By Ed Dove
Only last Friday I wrote about Victor Moses and his changing status at Chelsea. The additions of Samuel Eto’o, Willian and Andre Schurrle, added to the returning Romelu Lukaku and Kevin de Bruyne, not to mention the continued presence of Oscar, Eden Hazard and Juan Mata left Moses with little in the way of a tangible role for Jose Mourinho’s Blues.
I expressed concern that, in signing Eto’o, Chelsea were celebrating Africa’s past at the expense of its future. In my closing paragraph I recommended that Moses waste little time in heading to Mourinho’s office to demand a move to “pastures new”.
The intervening three days between then and now couldn’t have gone much better for the young Nigerian.
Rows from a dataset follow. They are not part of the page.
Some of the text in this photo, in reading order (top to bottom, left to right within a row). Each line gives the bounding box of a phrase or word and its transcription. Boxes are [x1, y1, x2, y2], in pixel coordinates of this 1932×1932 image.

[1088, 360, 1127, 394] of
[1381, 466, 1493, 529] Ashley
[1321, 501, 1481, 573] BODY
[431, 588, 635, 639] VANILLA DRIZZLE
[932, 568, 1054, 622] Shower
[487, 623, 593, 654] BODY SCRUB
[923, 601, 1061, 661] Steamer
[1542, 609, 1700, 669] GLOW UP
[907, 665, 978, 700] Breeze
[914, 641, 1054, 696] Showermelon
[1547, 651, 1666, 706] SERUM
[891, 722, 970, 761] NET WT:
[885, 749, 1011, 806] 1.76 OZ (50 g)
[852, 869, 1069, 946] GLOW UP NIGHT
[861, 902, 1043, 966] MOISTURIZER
Yesterday he was spotted at Anfield, sitting amidst other new recruits, and today his switch to Merseyside has been confirmed.
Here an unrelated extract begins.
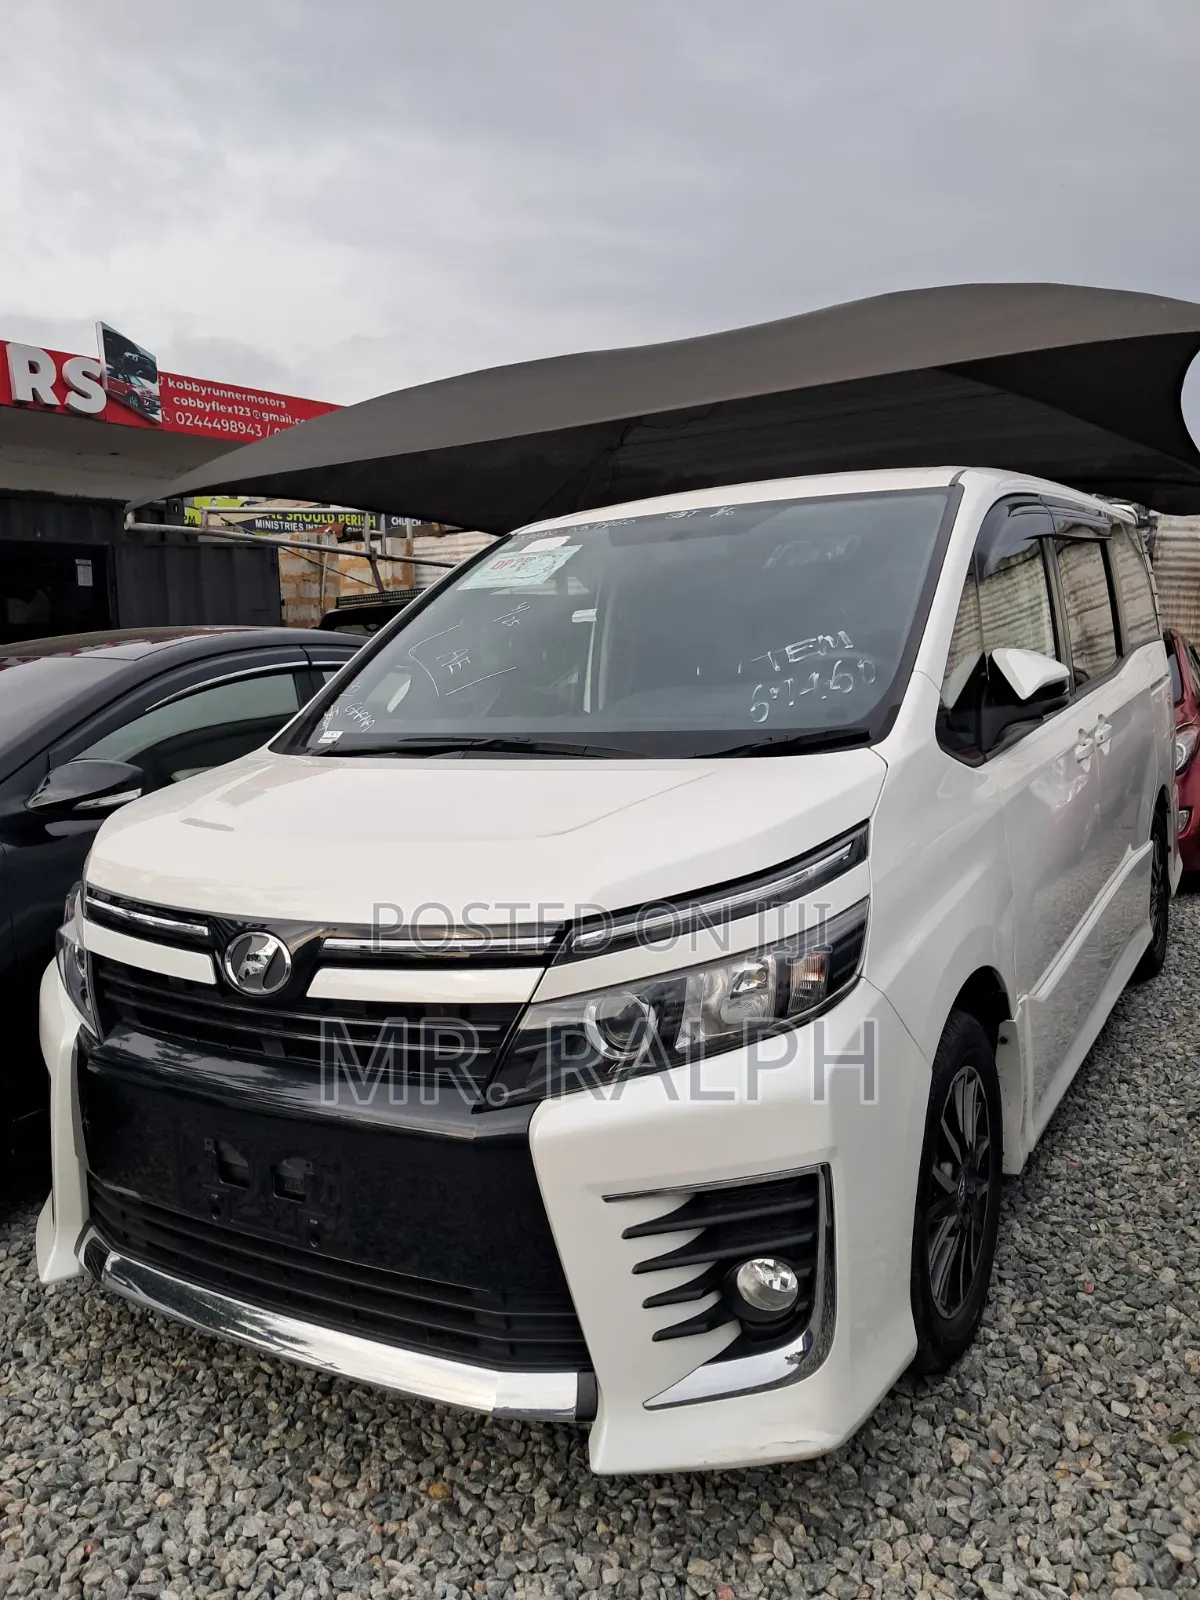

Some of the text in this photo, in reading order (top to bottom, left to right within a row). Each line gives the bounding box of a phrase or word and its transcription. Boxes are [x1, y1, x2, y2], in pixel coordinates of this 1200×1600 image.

The move is not a permanent one, and a year-long loan deal gives the young Nigerian the opportunity to enjoy a year of Premier League action in the knowledge that his bridges are not burned at Chelsea.
Indeed, some of Mourinho’s assembly of rich attacking and creative talents are likely to fall by the wayside over the coming 12 months.
Mata, for example, is still to receive the glowing commendation of his new boss, Eto’o and Frank Lampard, for all their prestige and prodigious abilities, are heading towards their career finales, while Demba Ba and Fernando Torres are unlikely to enjoy long and prosperous futures at Stamford Bridge.
There is no reason why Moses cannot impress at Liverpool, and thrive enough to earn himself an extended existence in West London.
I, for one, anticipate a big year ahead for the 22-year-old winger.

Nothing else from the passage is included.